───── Records supplied

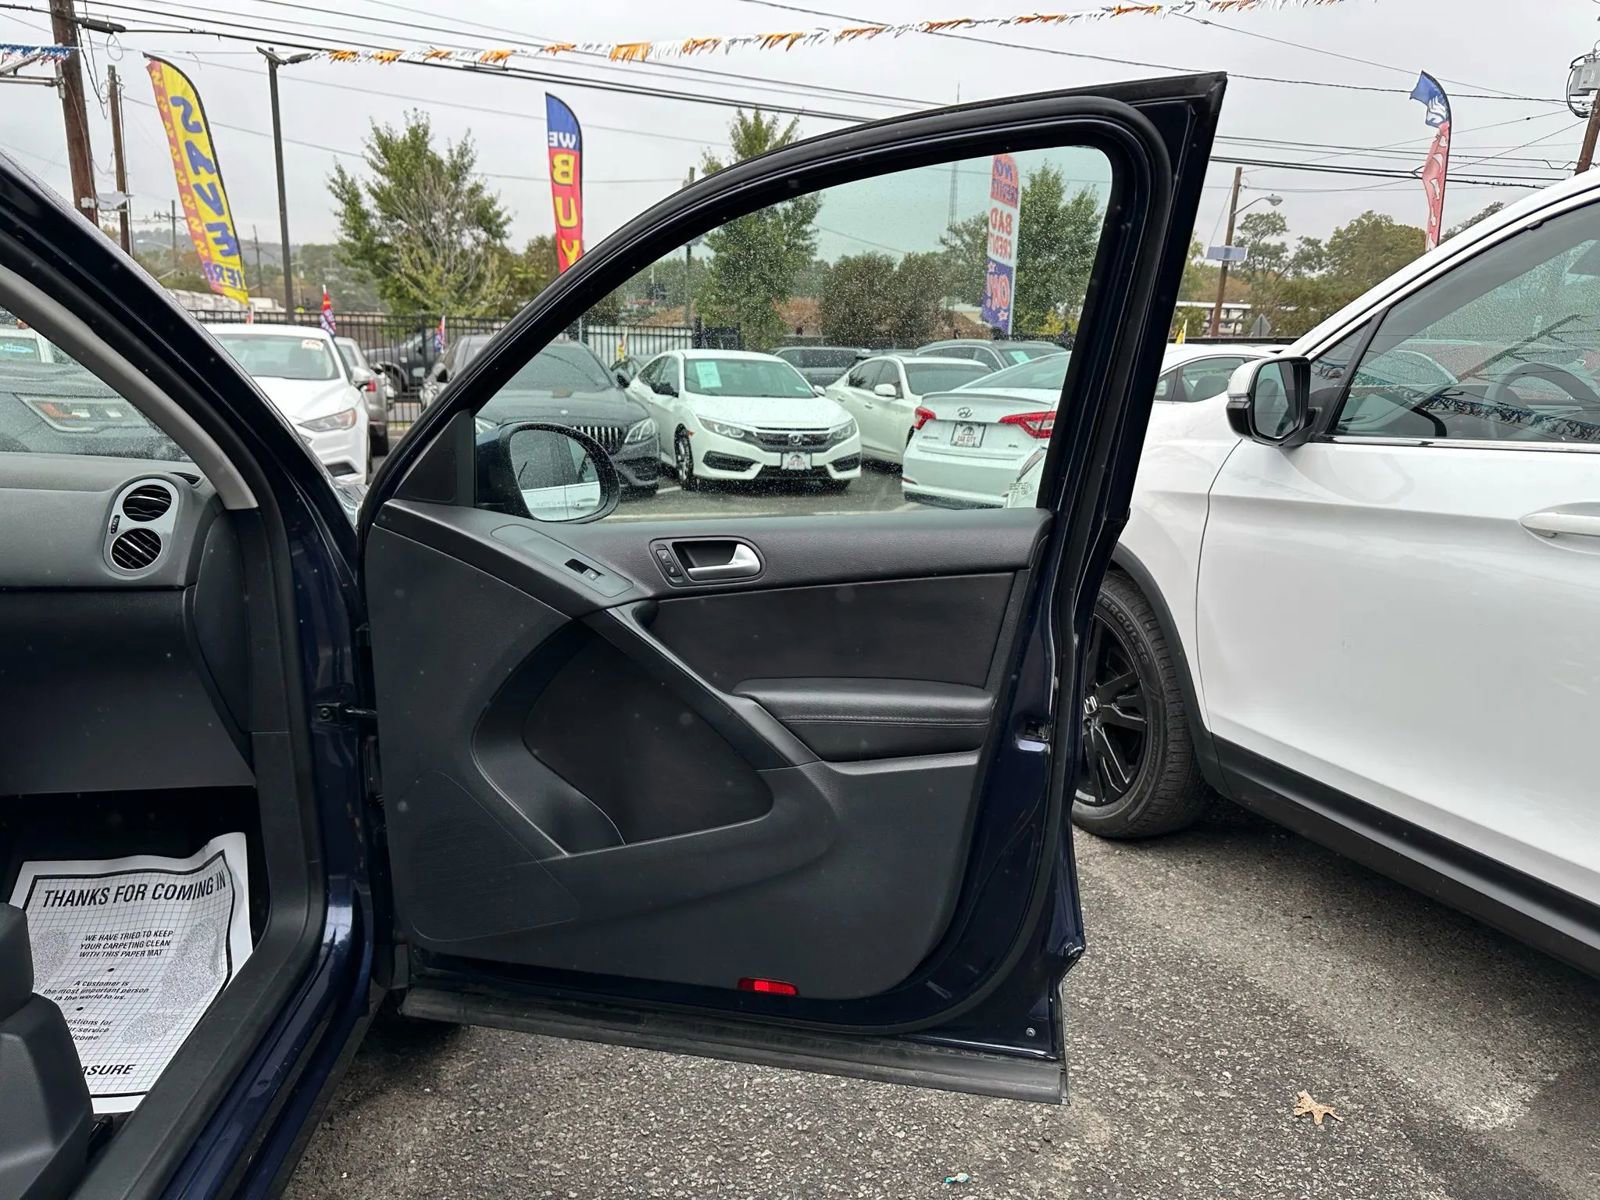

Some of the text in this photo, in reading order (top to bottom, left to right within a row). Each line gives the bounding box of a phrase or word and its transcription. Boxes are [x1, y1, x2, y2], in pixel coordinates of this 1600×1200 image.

[43, 870, 226, 908] THANKS FOR COMING IN
[85, 929, 174, 942] WE HAVE TRIED TO KEEP
[80, 939, 171, 950] YOUR CARPETING CLEAN
[102, 950, 120, 958] THIS
[120, 950, 146, 958] PAPER
[147, 949, 164, 957] MAT
[119, 988, 150, 996] person
[66, 1018, 98, 1026] estions
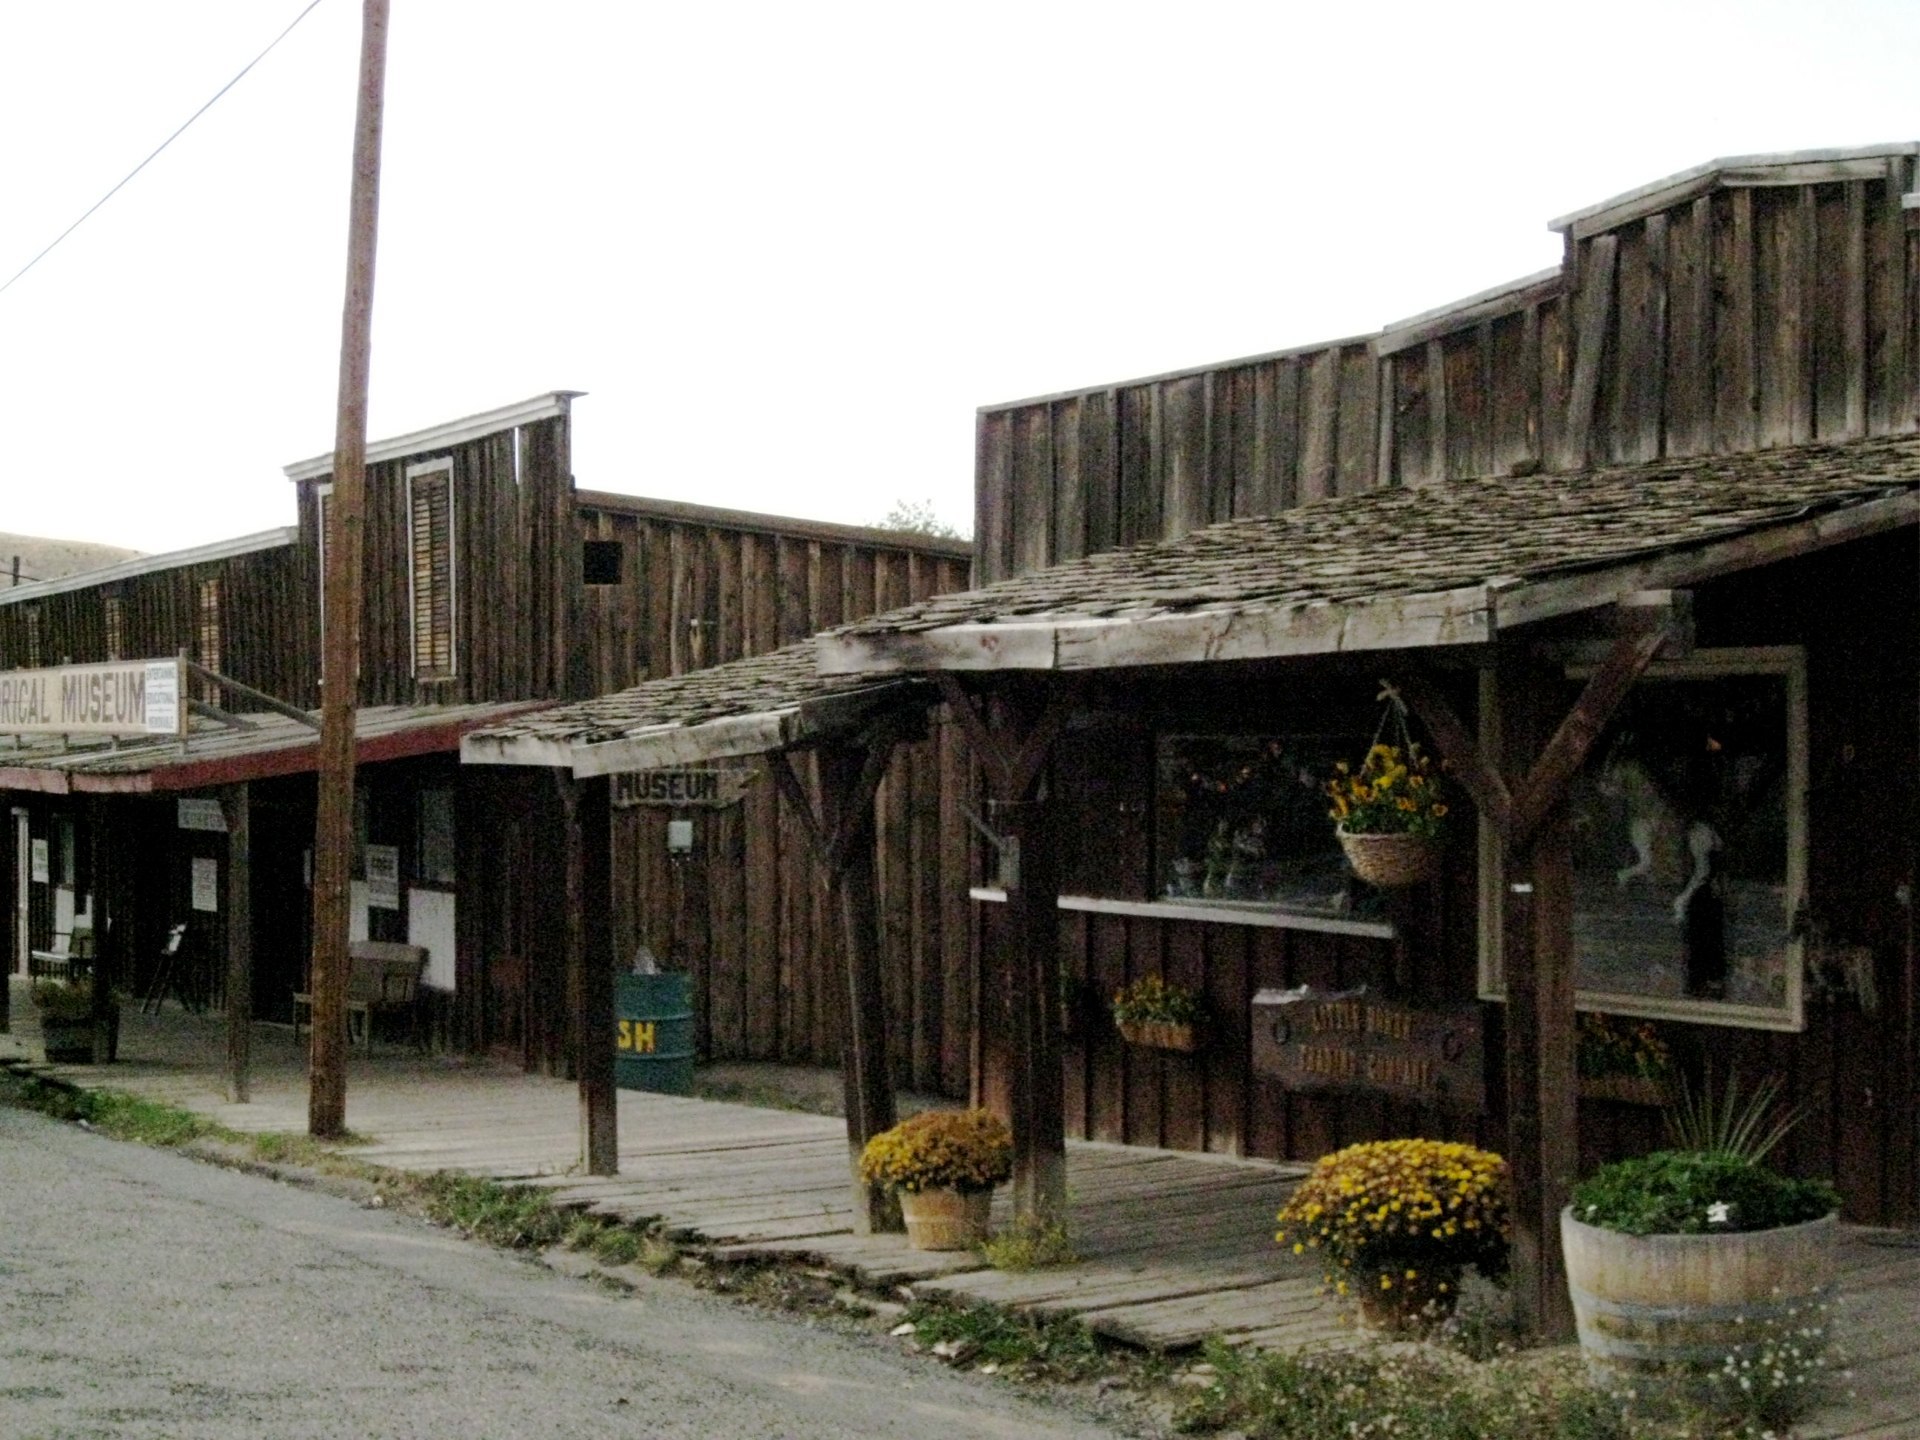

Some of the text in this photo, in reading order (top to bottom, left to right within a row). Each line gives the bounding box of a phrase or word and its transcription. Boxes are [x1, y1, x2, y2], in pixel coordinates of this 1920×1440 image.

[1, 670, 146, 725] RICAL MUSEUM
[616, 770, 719, 801] MUSEUM

──────────

> **What the task asks**
Reproduce the data above in full, exactly, with the images removed.

> **Response box**
Some of the text in this photo, in reading order (top to bottom, left to right within a row). Each line gives the bounding box of a phrase or word and its transcription. Boxes are [x1, y1, x2, y2], in pixel coordinates of this 1600×1200 image.

[43, 870, 226, 908] THANKS FOR COMING IN
[85, 929, 174, 942] WE HAVE TRIED TO KEEP
[80, 939, 171, 950] YOUR CARPETING CLEAN
[102, 950, 120, 958] THIS
[120, 950, 146, 958] PAPER
[147, 949, 164, 957] MAT
[119, 988, 150, 996] person
[66, 1018, 98, 1026] estions

Some of the text in this photo, in reading order (top to bottom, left to right within a row). Each line gives the bounding box of a phrase or word and its transcription. Boxes are [x1, y1, x2, y2], in pixel coordinates of this 1920×1440 image.

[1, 670, 146, 725] RICAL MUSEUM
[616, 770, 719, 801] MUSEUM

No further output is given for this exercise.